Je devais te voir comprendre que Florian n’avait plus de raison, désormais, de te faire tuer. Et toutes les raisons utiles de te conserver en vie.

« Tu ne risques plus rien », dit Cendres. Et à Adelize, et à Violante, elle répéta : « Vous ne risquez plus rien. »

L’enfant la regarda sans comprendre. Adelize, rassurée, saisit le rat et se mit à le caresser.

« Enfin. Quand je dis que vous ne risquez rien. En dehors du fait qu’il y a une guerre en cours. » Cendres eut un sourire torve.

« En dehors de ça », reprit la Faris en écho. Elle sourit. « C’est terminé. Mon Dieu. Je ne sais toujours pas ce que tu fais avec mon visage.

— Il me va mieux. »

La Wisigothe éclata de rire, comme si le rire l’avait saisie par surprise.

Une voix froide, très délibérée et multiple, déclara dans la tête de Cendres :

« LE VISAGE N’A AUCUNE IMPORTANCE. SEULE COMPTE LA LIGNÉE.

— Conneries », répliqua Cendres par réflexe, et elle se figea. Une décharge de nausée la traversa, plongea de son ventre jusque dans ses entrailles. Prise de vertige, elle dit : « Non…

— SEULE COMPTE LA SÉLECTION SECRÈTE.

— Non ! » Sa protestation est pleine d’une indignation aiguë.

« CERTAINES POSSÈDENT LA QUALITÉ DONT NOUS AVONS BESOIN. D’AUTRES NON.

— Godfrey ! »

Rien.

Dans la région de son esprit qui est partagée, qui était engourdie, seules résonnent les voix des Machines sauvages… comme le marmonnement d’un tonnerre ; d’abord lointain, et maintenant parfaitement distinct.

« … D’AUTRES NON. ET CERTAINES POSSÈDENT DAVANTAGE.

— Il n’a pas réussi. Non. Non. J’ai senti mourir la machine. Il n’aurait pas tout détruit ? »

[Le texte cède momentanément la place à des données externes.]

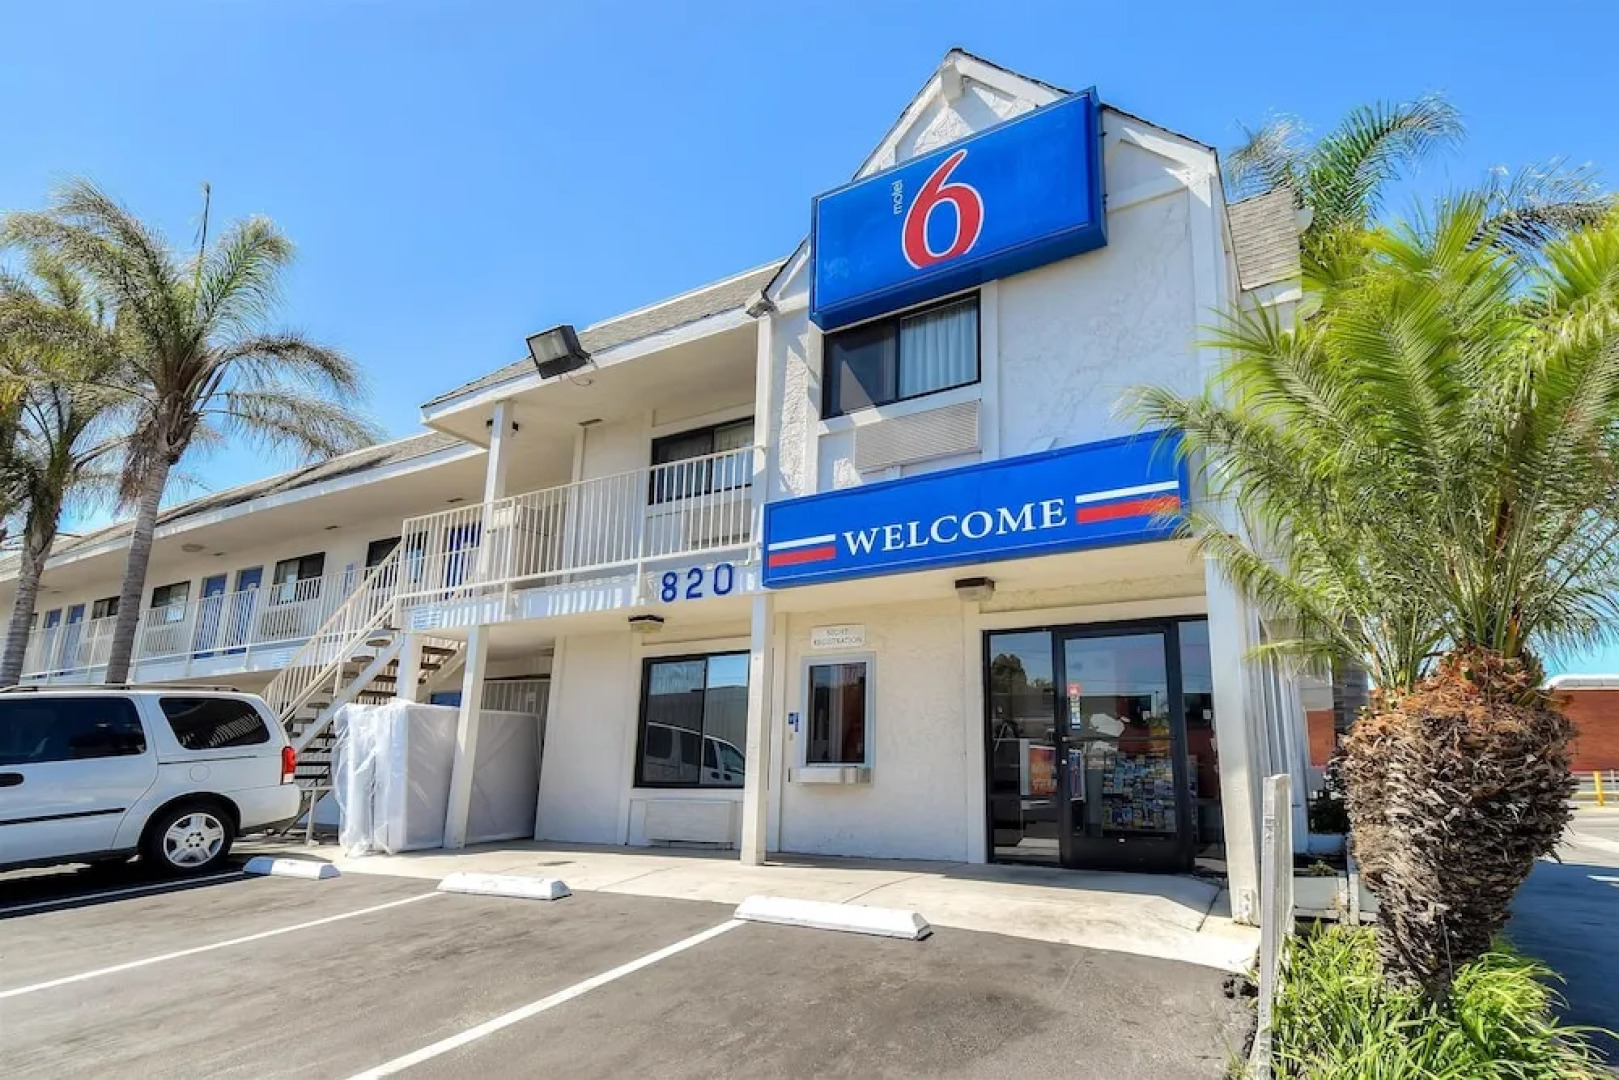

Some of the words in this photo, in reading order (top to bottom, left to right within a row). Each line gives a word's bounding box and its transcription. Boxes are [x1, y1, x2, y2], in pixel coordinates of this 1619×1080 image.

Cendres prit conscience que la Faris lui secouait le bras. La Wisigothe la considérait avec inquiétude.

« De quoi parles-tu ? demanda la Faris. À qui t’adresses-tu ? »

Les voix des Machines sauvages s’exprimaient dans la tête de Cendres :

« NOUS N’AURIONS PAS PU ACCOMPLIR CECI AVEC LA FARIS…

—… IL LUI FALLAIT LA MACHINA REI MILITARIS…

— DISPARUE, MAINTENANT. DISPARUE !

— MAIS AVEC TOI…

—… AH, AVEC TOI !

—… NOUS LE SAVONS DEPUIS QUE TU ES VENUE À NOUS.

— QUE TU AS PARLÉ À LA MACHINA TANDIS QUE TU ÉTAIS PARMI NOUS.

— QUE TU AS APPELÉ DANS LE DÉSERT AU SUD, PRESQUE À NOTRE CONTACT !

—… QUE TU AS ÉTABLI UN LIEN DIRECT AVEC NOUS…

—… AVEC TOI, NOUS N’AVONS PAS BESOIN DE LA MACHINA REI MILITARIS.

— NOUS AVONS SEULEMENT BESOIN DE LA MORT DE CELLE QUI EST DU SANG DUCAL ! »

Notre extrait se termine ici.